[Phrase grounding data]
* * * * *
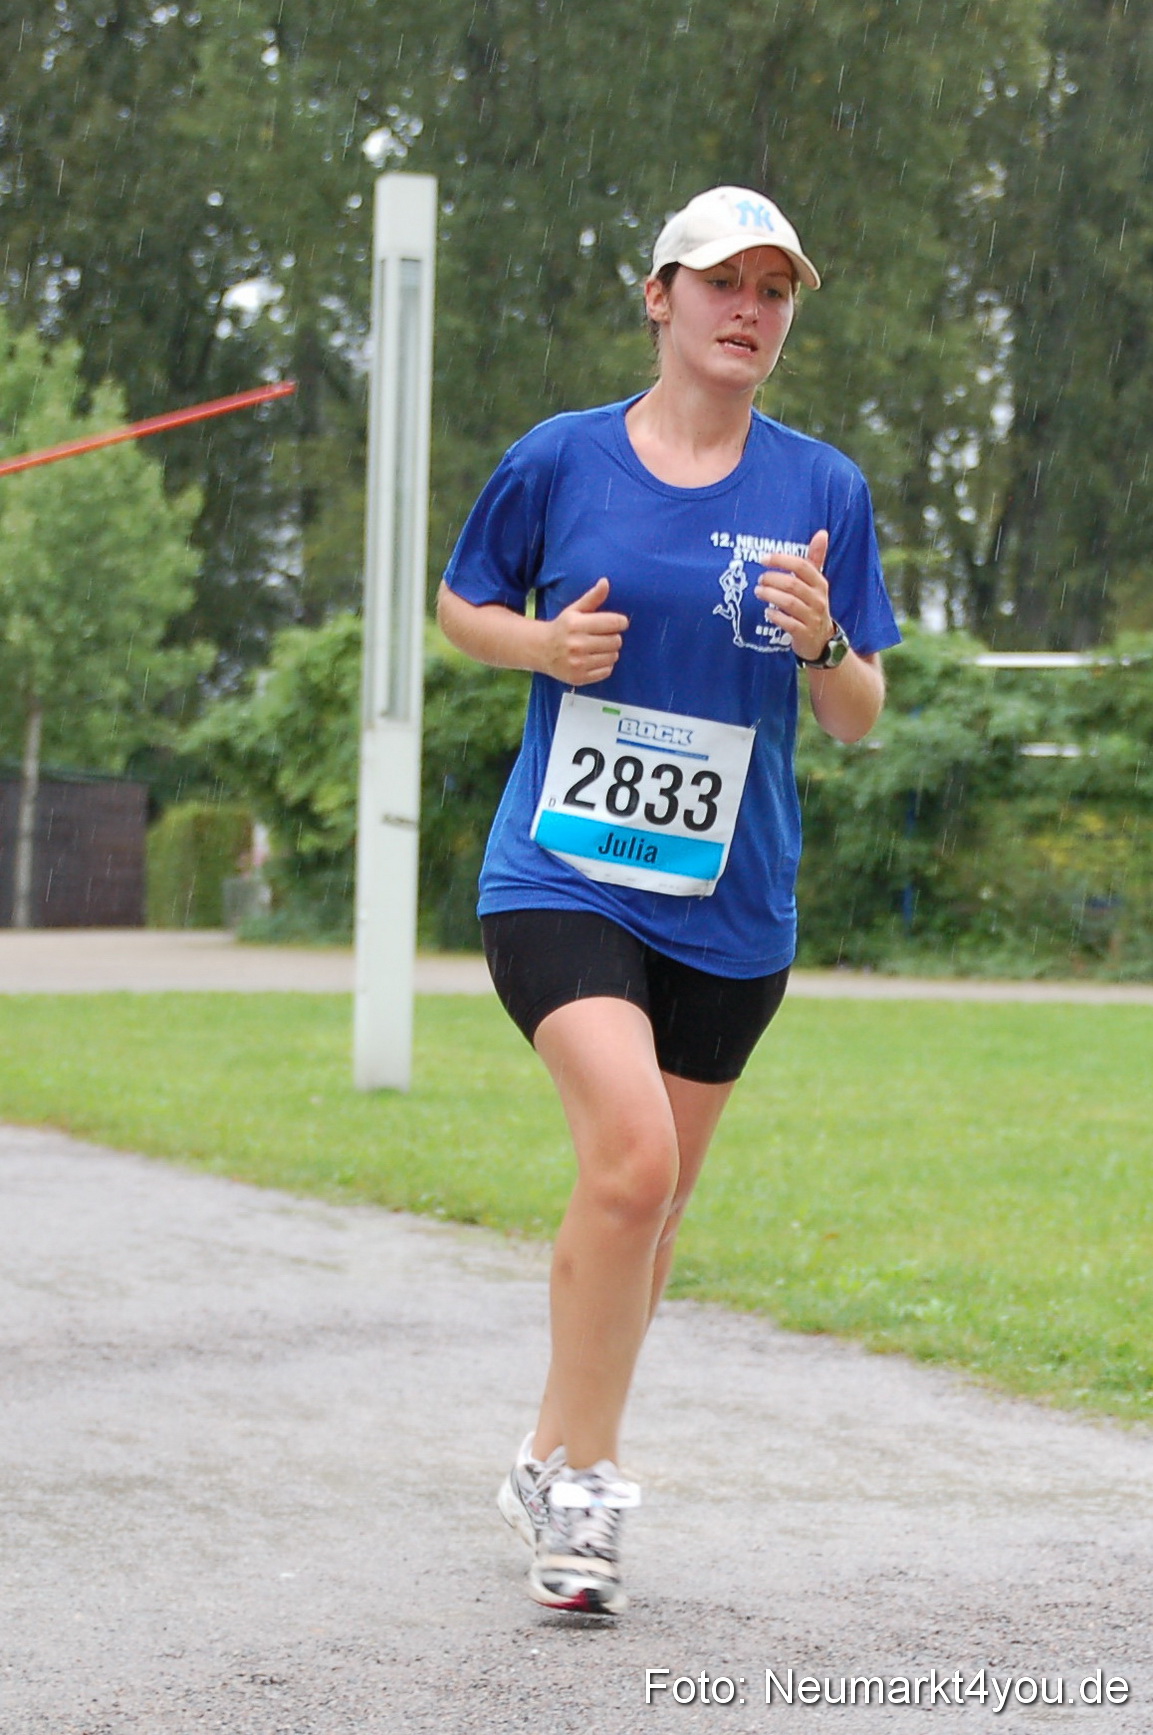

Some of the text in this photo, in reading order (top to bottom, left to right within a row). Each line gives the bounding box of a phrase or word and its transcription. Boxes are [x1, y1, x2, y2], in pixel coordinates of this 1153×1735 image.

[710, 531, 734, 548] 12.
[618, 717, 693, 746] BOCK
[562, 747, 723, 832] 2833
[597, 831, 659, 864] Julia
* * * * *
■ Task goal:
Pictures aside, restate all of the entries exactly.

■ Response area:
Some of the text in this photo, in reading order (top to bottom, left to right within a row). Each line gives the bounding box of a phrase or word and its transcription. Boxes are [x1, y1, x2, y2], in pixel coordinates of this 1153×1735 image.

[710, 531, 734, 548] 12.
[618, 717, 693, 746] BOCK
[562, 747, 723, 832] 2833
[597, 831, 659, 864] Julia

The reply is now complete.